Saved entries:
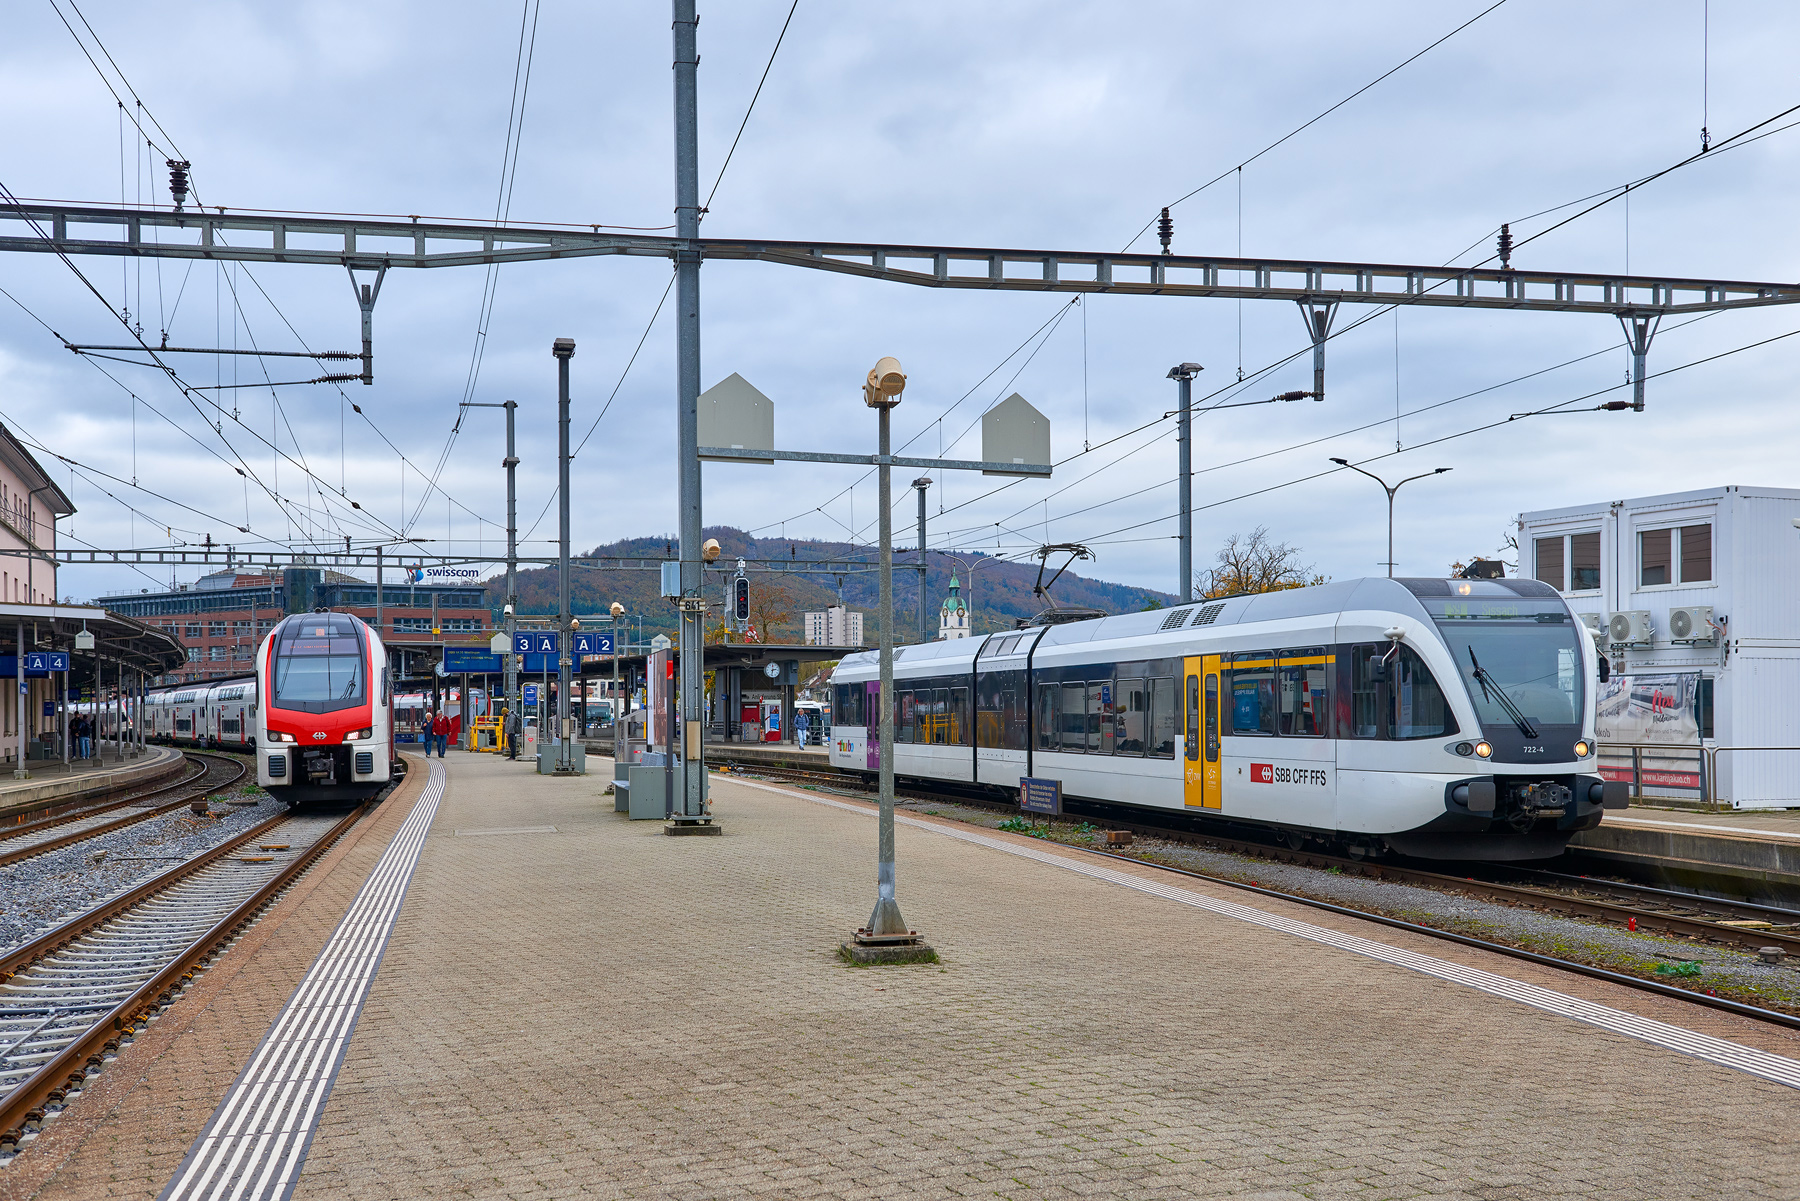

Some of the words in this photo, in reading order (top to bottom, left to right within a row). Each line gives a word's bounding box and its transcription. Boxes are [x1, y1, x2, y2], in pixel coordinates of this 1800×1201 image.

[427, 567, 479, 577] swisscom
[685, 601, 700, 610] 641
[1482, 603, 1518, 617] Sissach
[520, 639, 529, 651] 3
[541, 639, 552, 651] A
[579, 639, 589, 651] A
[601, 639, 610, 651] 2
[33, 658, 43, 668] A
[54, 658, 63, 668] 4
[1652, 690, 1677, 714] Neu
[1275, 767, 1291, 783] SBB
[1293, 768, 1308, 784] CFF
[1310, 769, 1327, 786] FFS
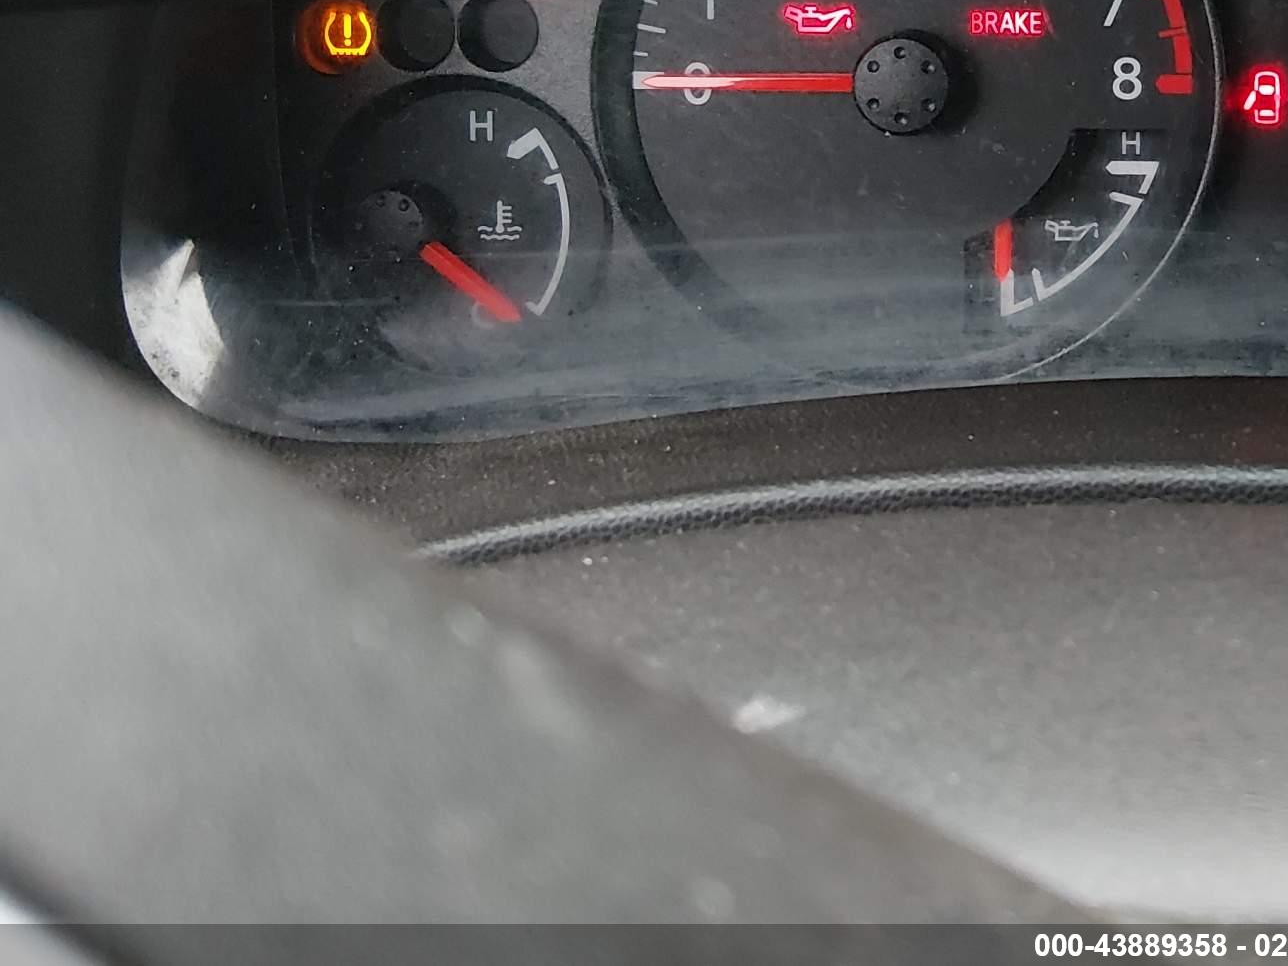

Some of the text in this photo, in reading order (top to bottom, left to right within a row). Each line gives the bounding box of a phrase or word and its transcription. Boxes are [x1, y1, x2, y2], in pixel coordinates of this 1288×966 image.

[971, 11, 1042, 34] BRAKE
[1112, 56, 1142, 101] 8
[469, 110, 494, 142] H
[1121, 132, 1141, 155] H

**Work task**
Leave out the pictures, and give all the records again exactly.

**Exercise output**
Some of the words in this photo, in reading order (top to bottom, left to right within a row). Each line gives a word's bounding box and its transcription. Boxes are [x1, y1, x2, y2], in pixel coordinates of this 1800×1201 image.

[427, 567, 479, 577] swisscom
[685, 601, 700, 610] 641
[1482, 603, 1518, 617] Sissach
[520, 639, 529, 651] 3
[541, 639, 552, 651] A
[579, 639, 589, 651] A
[601, 639, 610, 651] 2
[33, 658, 43, 668] A
[54, 658, 63, 668] 4
[1652, 690, 1677, 714] Neu
[1275, 767, 1291, 783] SBB
[1293, 768, 1308, 784] CFF
[1310, 769, 1327, 786] FFS

Some of the text in this photo, in reading order (top to bottom, left to right within a row). Each line gives the bounding box of a phrase or word and its transcription. Boxes are [x1, y1, x2, y2], in pixel coordinates of this 1288×966 image.

[971, 11, 1042, 34] BRAKE
[1112, 56, 1142, 101] 8
[469, 110, 494, 142] H
[1121, 132, 1141, 155] H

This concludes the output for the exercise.